Illimani was first attempted in 1877 by C. Wiener, J. de Grumkow, and J. C. Ocampo. They failed to reach the main summit, but did reach a southeastern subsummit. In 1898, British climber Sir William Martin Conway and two Swiss guides, A. Maquignaz and L. Pellissier, made the first recorded ascent of the peak, again from the southeast. (They found a piece of Aimara rope at over 6,000 m (20,000 ft), so an earlier ascent cannot be completely discounted.) The ascent took 5 days, and on the 4th day the Indian porters bolted. The party suffered great weakness during their last hour on the summit, but no actual illness. Conway described the view from the top as “astounding”.
The current standard route on the mountain climbs the west ridge of the main summit. It was first climbed in 1940, by the Germans R. Boetcher, F. Fritz, and W. Kühn, and is graded French PD+/AD-. This route usually requires four days, whereas the summit is reached in the morning of the third day.
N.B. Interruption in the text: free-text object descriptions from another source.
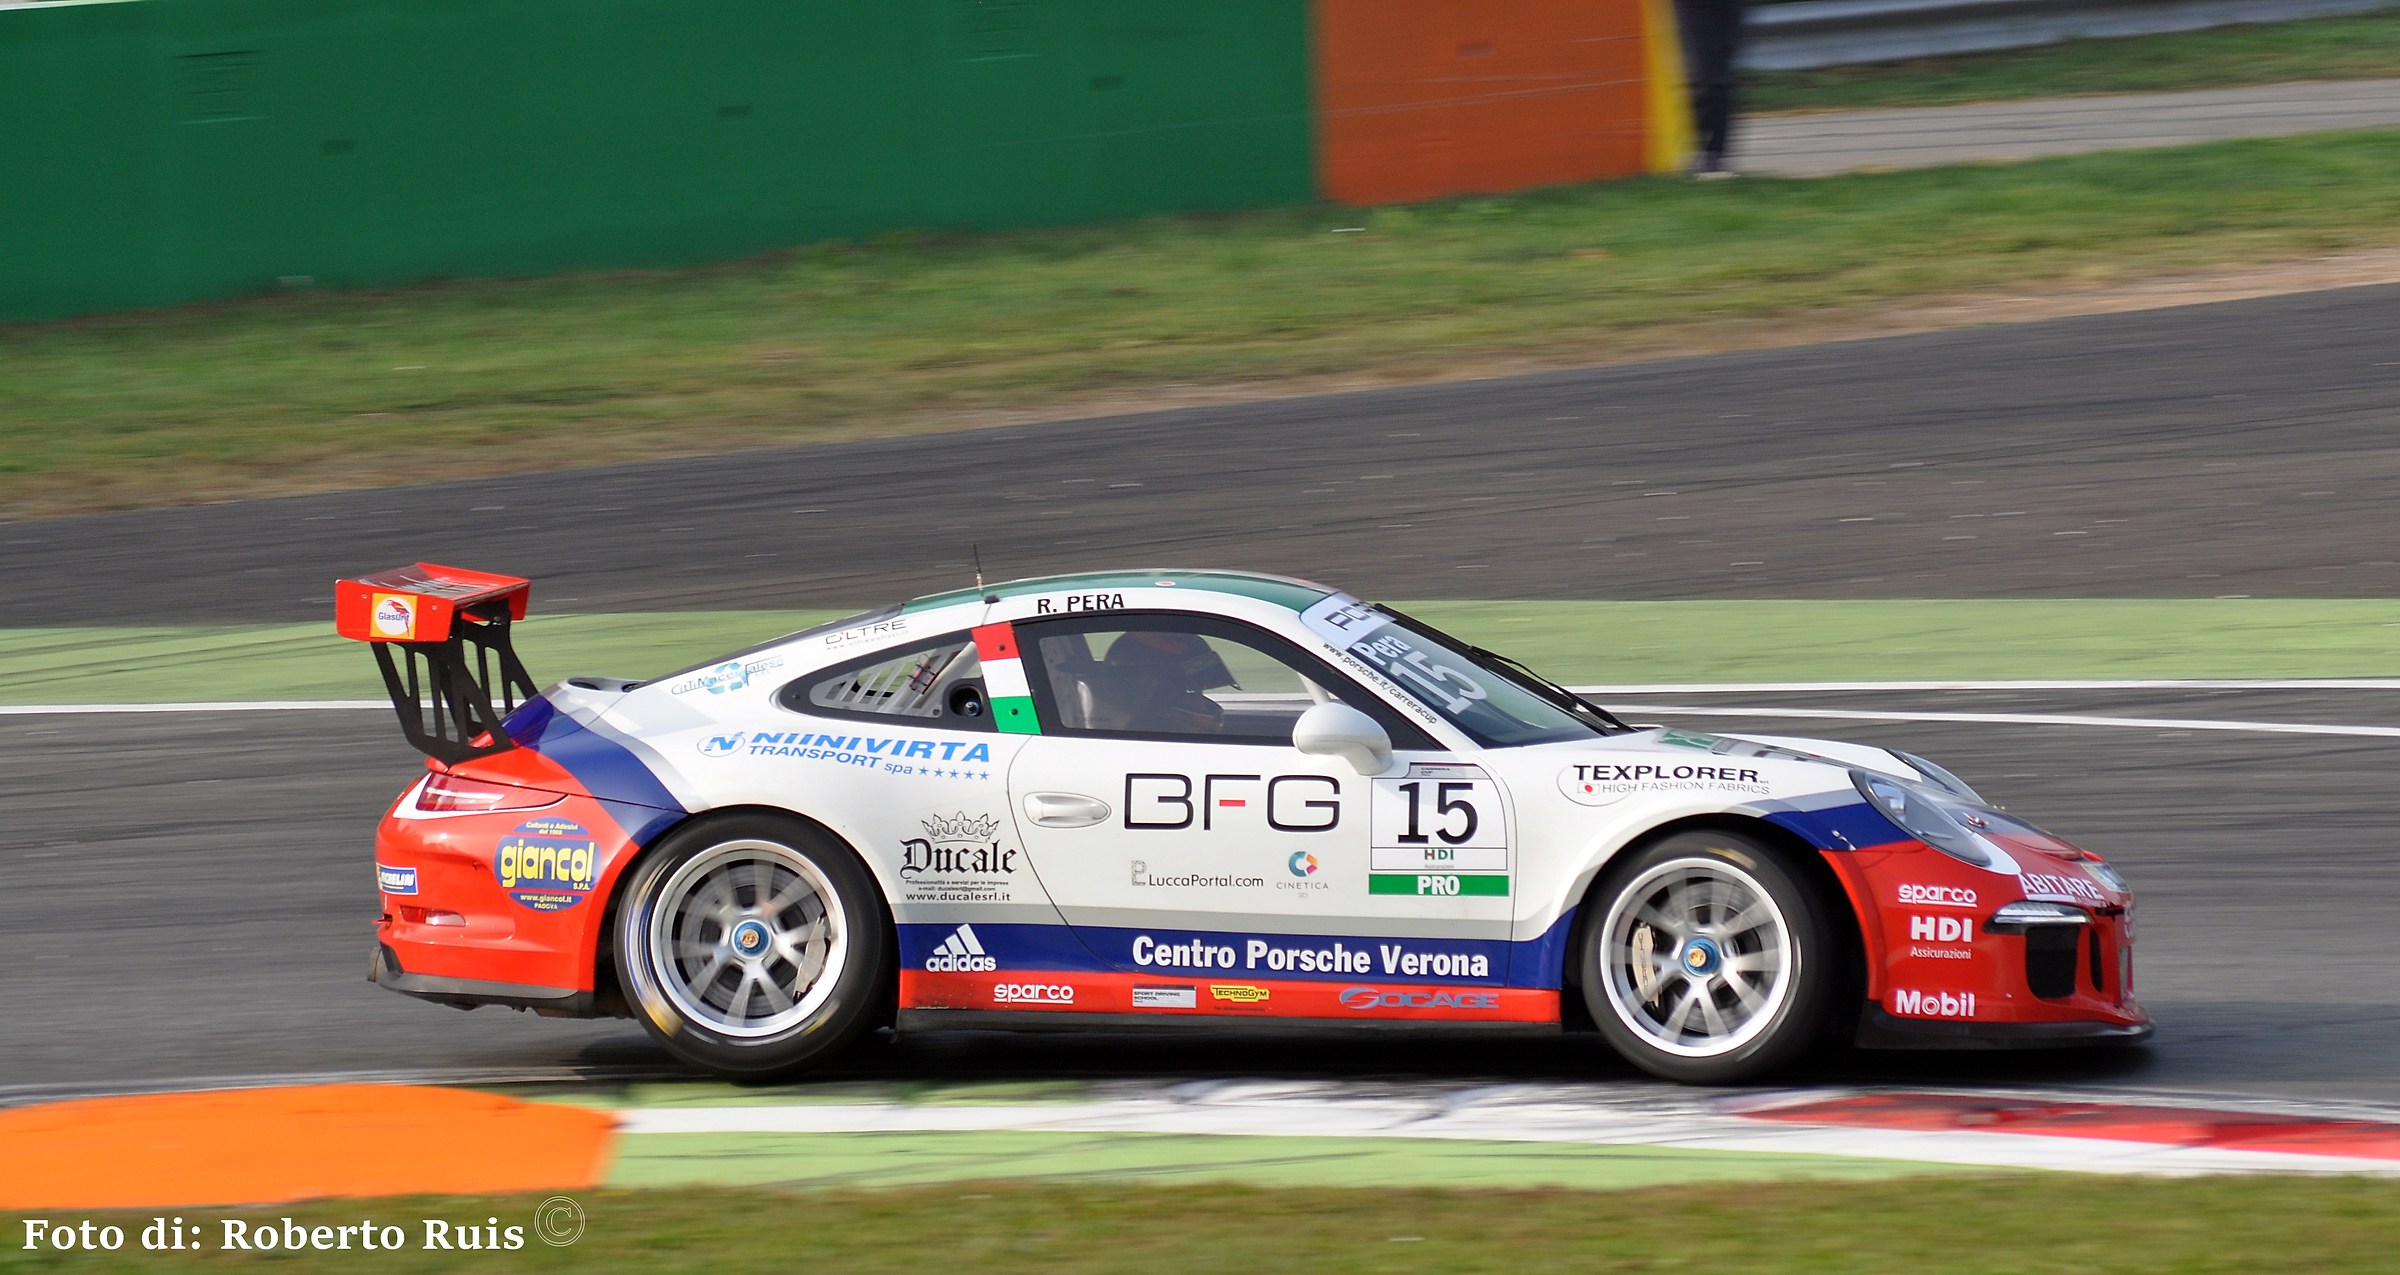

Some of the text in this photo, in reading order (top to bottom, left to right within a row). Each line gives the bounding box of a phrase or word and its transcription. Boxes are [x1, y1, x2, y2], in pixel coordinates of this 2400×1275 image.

[1037, 593, 1125, 614] R. PERA
[1350, 634, 1413, 666] Pera
[1322, 641, 1438, 725] www.porsche.it/carreracup
[1389, 650, 1487, 715] 15
[749, 745, 913, 775] TRANSPORT spa
[751, 732, 990, 763] NIINIVIRTA
[1572, 764, 1759, 784] TEXPLORER
[1602, 781, 1770, 795] HIGH FASHION FABRICS
[1123, 772, 1341, 833] BFG
[1397, 781, 1479, 846] 15
[500, 838, 596, 888] giancol
[899, 838, 1018, 880] Ducale
[1424, 849, 1454, 860] HDI
[1149, 873, 1264, 888] LuccaPortal.com
[1276, 882, 1329, 890] CINETICA
[1417, 875, 1461, 896] PRO
[2018, 872, 2106, 900] ABITARE
[520, 894, 572, 904] www.giancol.it
[905, 892, 1011, 901] www.ducalesrl.it
[1898, 883, 1978, 906] sparco
[1910, 915, 1973, 943] HDI
[925, 953, 997, 972] adidas
[1132, 935, 1489, 977] Centro Porsche Verona
[1910, 946, 1972, 960] Assicurazioni
[993, 983, 1074, 1002] sparco
[1895, 989, 1976, 1017] Mobil
The majestic heights of the Bolivian mountains is an awe-inspiring sight for even the most world weary mountaineers. Whether you’ve scaled Everest, Kilimanjaro or Kailas, the spectacular peaks of the Andes beckon you to a climb that is unlike any other you’ll ever experience.
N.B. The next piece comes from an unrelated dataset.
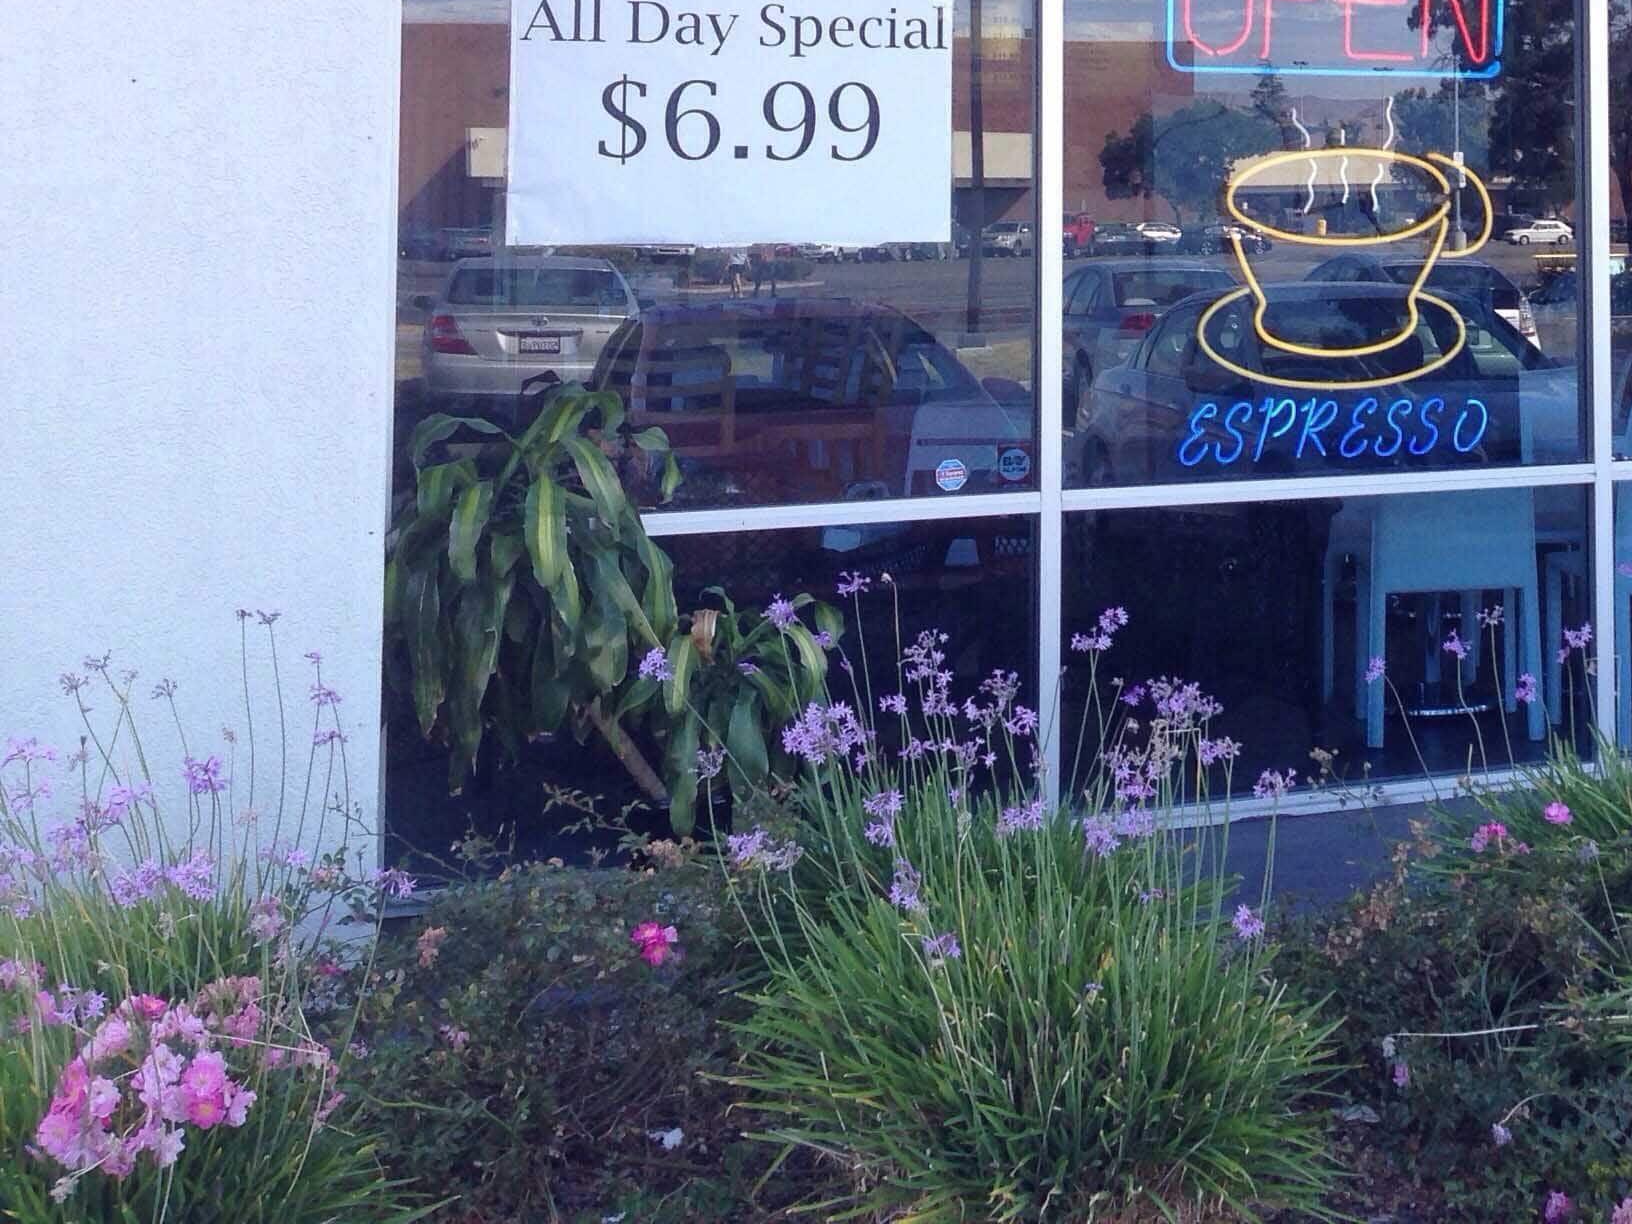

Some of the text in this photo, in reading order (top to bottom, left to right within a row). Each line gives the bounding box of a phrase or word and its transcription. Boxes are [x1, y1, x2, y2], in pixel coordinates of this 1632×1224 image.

Most climbers would be wise to spend a few days acclimatising at La Paz before attempting any of the many climbs on offer.
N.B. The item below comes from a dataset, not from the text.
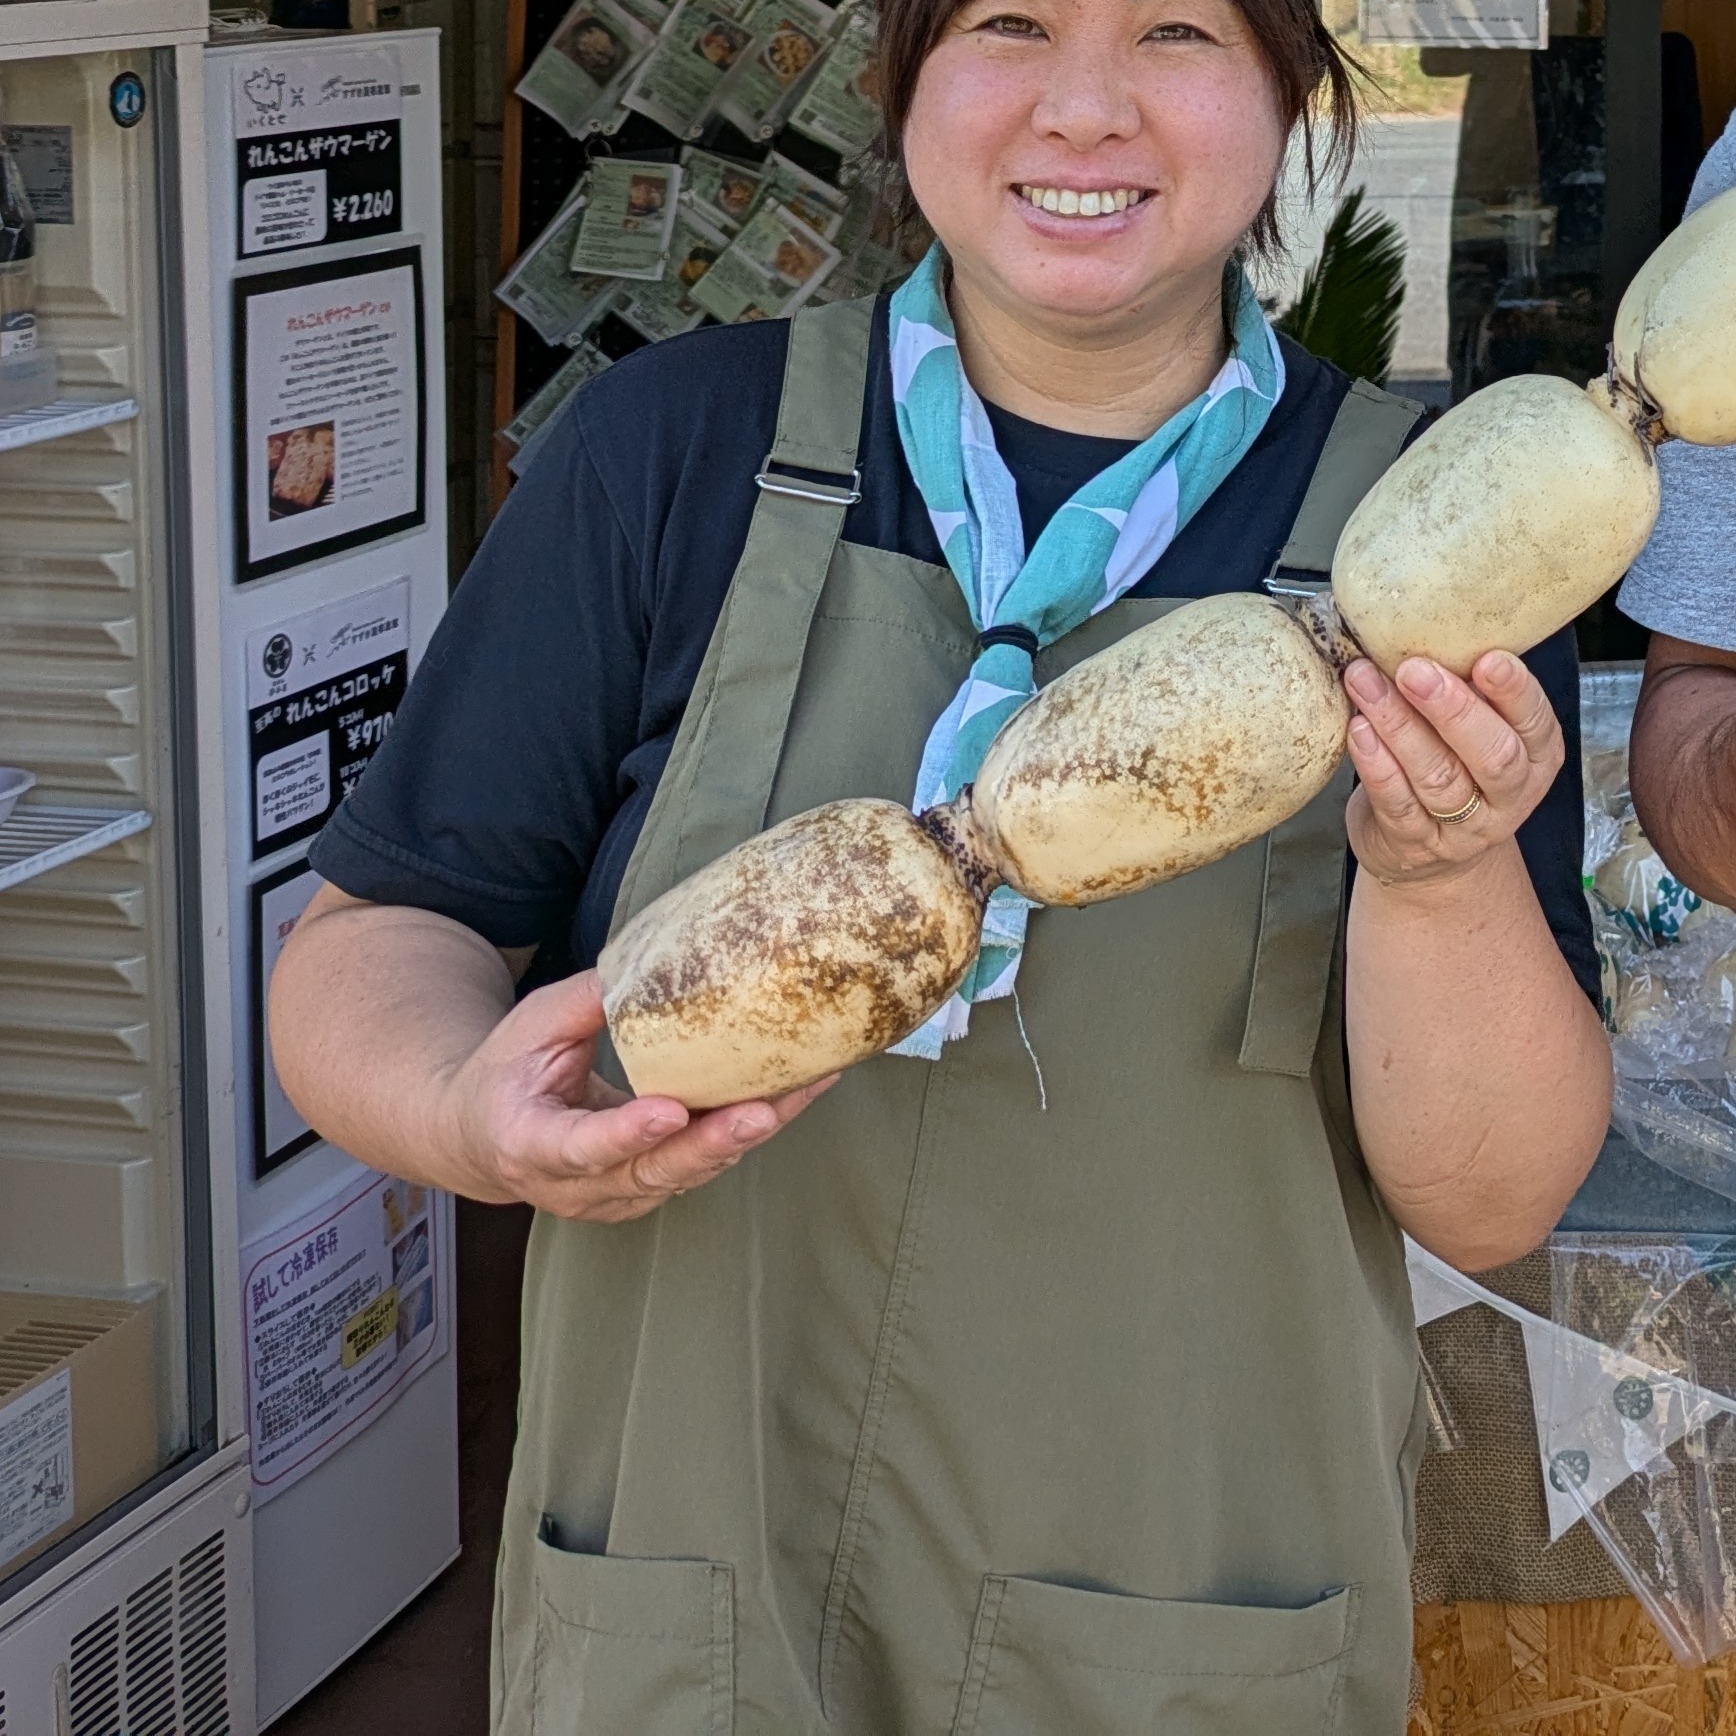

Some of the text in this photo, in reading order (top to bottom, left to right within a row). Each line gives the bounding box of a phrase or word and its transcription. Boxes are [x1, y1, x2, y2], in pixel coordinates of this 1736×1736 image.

[247, 129, 392, 168] れんこんザウマーゲン
[285, 664, 396, 725] れんこんコロッケ
Huayana Potosi is a tempting climb and a relatively easy one to begin with. A half day’s hike from La Paz, this easily accessible peak is a must for any climber that visits Bolivia. It’s other name, Kaka-aka, means, ‘the one who came from the rocks’.
You could easily spend a week or more climbing the Mount Condoriri range, comprised of 50 peaks with a range of difficulty and elevations which welcome the climber who wants to experience some extended time and camping and trekking.
Visible from the capitol of La Paz, the forbidding peak of Illimani summons any hardy adventurer daring enough to scale its snow-covered face. 7 peaks make up this highest of all the mountains in the Cordillera Real, the southern peak being the tallest of all the Andes Mountains in Bolivia. A number of trails will take you to the top. You can try the straightforward ascent from the west, or challenge yourself by taking on one of the more difficult routes. Be sure to give yourself a few days to take in the climb and savor the lovely alpine setting. By the third day you will have reached the summit at a leisurely pace, where you can absorb some of the best views of the Cordillera Real from the top of Mount Illimani.